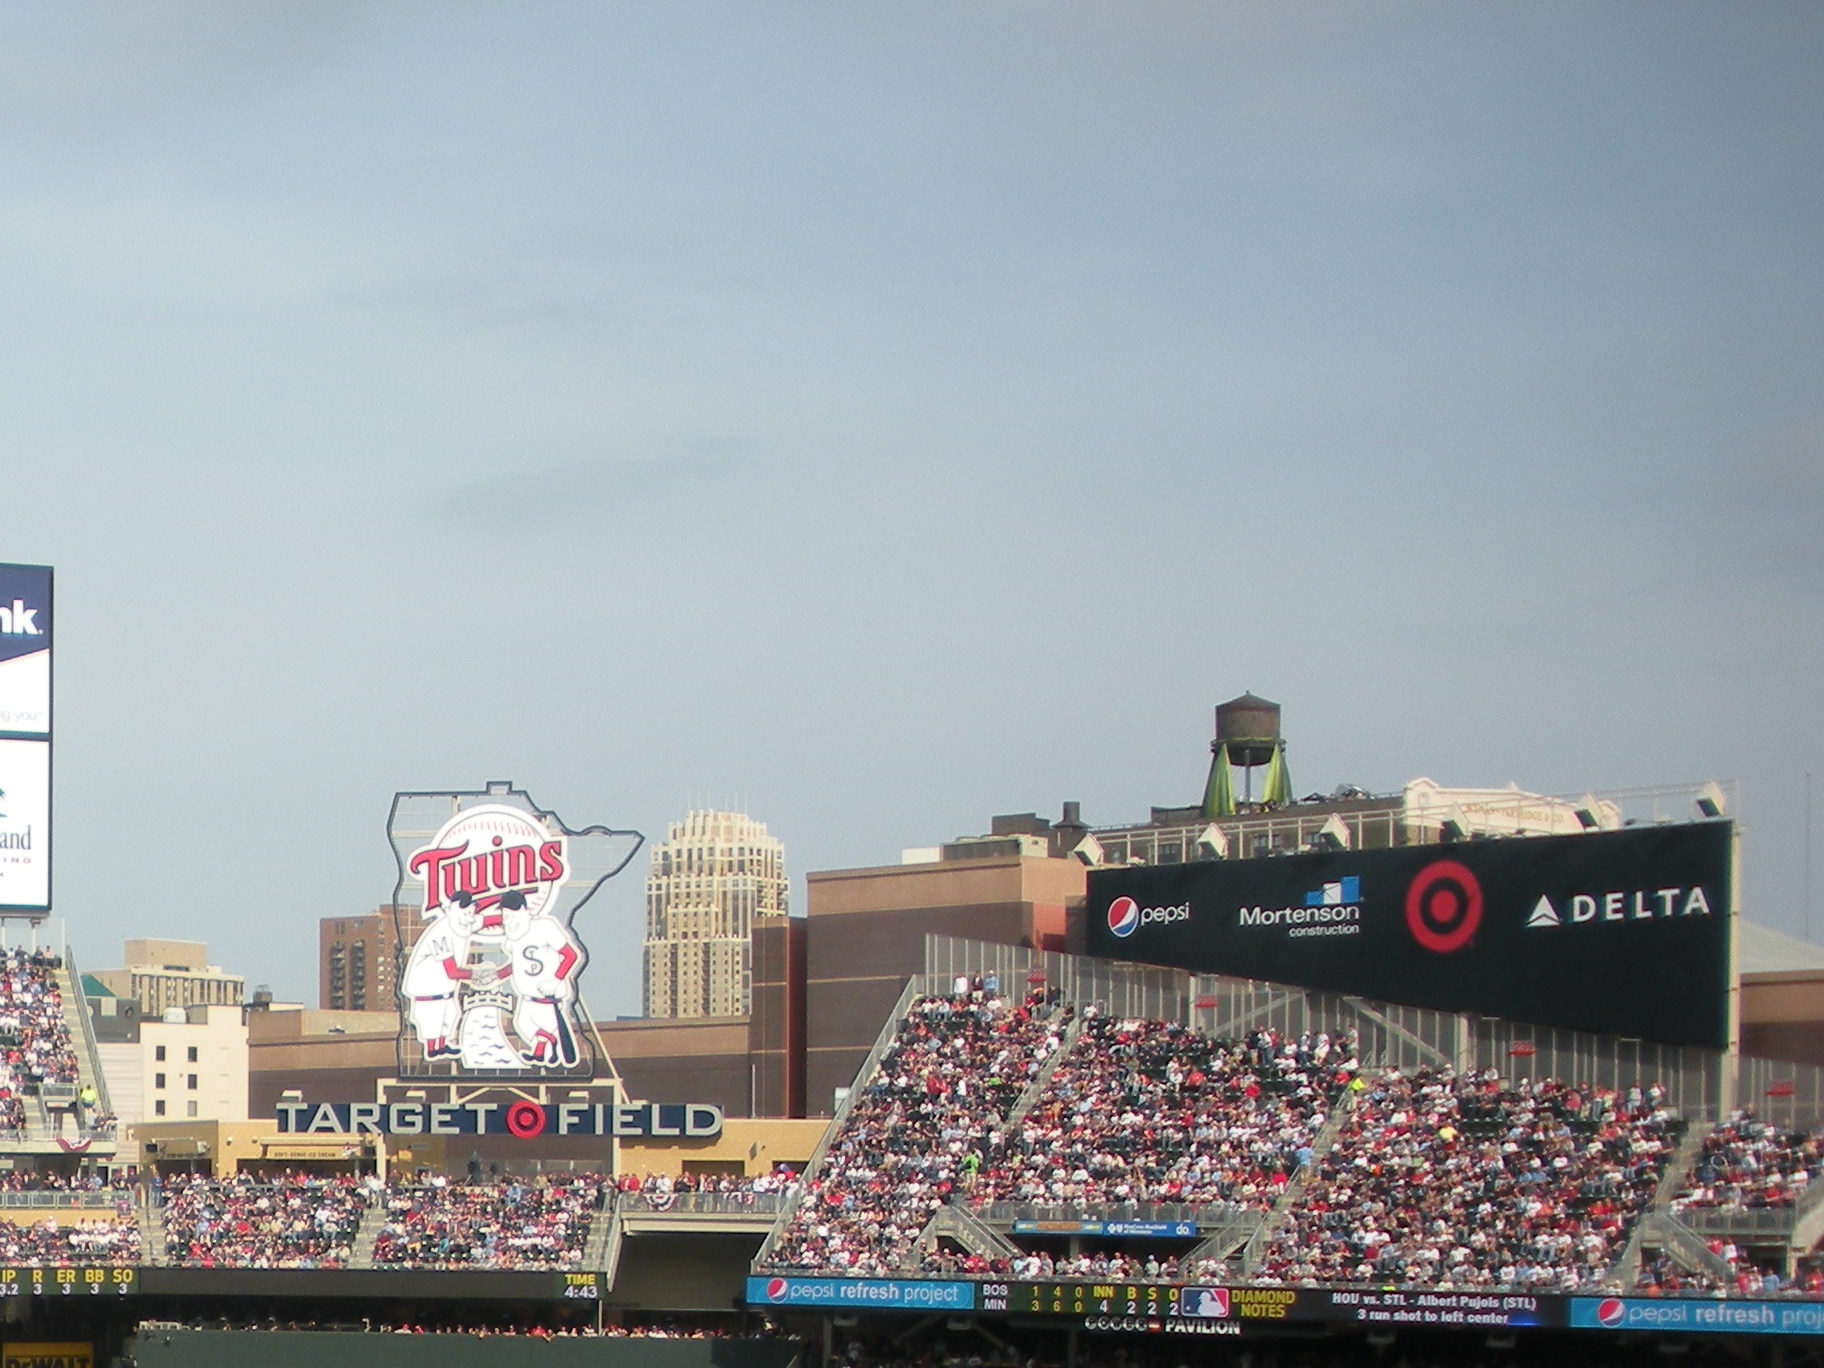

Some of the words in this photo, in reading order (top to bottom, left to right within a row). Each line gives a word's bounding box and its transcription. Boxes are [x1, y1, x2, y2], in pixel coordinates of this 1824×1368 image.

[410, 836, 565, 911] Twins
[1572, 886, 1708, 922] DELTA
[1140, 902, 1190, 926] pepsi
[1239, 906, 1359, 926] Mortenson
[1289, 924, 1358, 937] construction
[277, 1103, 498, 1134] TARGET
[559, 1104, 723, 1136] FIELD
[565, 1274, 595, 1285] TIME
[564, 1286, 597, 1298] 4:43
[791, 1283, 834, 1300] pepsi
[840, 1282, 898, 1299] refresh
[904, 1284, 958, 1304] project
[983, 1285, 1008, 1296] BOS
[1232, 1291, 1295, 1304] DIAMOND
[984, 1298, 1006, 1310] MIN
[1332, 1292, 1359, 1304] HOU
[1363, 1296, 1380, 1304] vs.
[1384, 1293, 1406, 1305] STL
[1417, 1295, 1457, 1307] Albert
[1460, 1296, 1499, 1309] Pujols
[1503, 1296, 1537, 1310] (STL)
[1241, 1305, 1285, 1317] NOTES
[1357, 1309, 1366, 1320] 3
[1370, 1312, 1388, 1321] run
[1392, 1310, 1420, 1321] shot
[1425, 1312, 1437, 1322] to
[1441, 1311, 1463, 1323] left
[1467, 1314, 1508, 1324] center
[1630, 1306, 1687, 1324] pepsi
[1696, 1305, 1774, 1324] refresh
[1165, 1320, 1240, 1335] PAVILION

..........

Task goal | When you output the listing, reproduce it exactly but drop its pictures.

Reply to the task |
Some of the words in this photo, in reading order (top to bottom, left to right within a row). Each line gives a word's bounding box and its transcription. Boxes are [x1, y1, x2, y2], in pixel coordinates of this 1824×1368 image.

[410, 836, 565, 911] Twins
[1572, 886, 1708, 922] DELTA
[1140, 902, 1190, 926] pepsi
[1239, 906, 1359, 926] Mortenson
[1289, 924, 1358, 937] construction
[277, 1103, 498, 1134] TARGET
[559, 1104, 723, 1136] FIELD
[565, 1274, 595, 1285] TIME
[564, 1286, 597, 1298] 4:43
[791, 1283, 834, 1300] pepsi
[840, 1282, 898, 1299] refresh
[904, 1284, 958, 1304] project
[983, 1285, 1008, 1296] BOS
[1232, 1291, 1295, 1304] DIAMOND
[984, 1298, 1006, 1310] MIN
[1332, 1292, 1359, 1304] HOU
[1363, 1296, 1380, 1304] vs.
[1384, 1293, 1406, 1305] STL
[1417, 1295, 1457, 1307] Albert
[1460, 1296, 1499, 1309] Pujols
[1503, 1296, 1537, 1310] (STL)
[1241, 1305, 1285, 1317] NOTES
[1357, 1309, 1366, 1320] 3
[1370, 1312, 1388, 1321] run
[1392, 1310, 1420, 1321] shot
[1425, 1312, 1437, 1322] to
[1441, 1311, 1463, 1323] left
[1467, 1314, 1508, 1324] center
[1630, 1306, 1687, 1324] pepsi
[1696, 1305, 1774, 1324] refresh
[1165, 1320, 1240, 1335] PAVILION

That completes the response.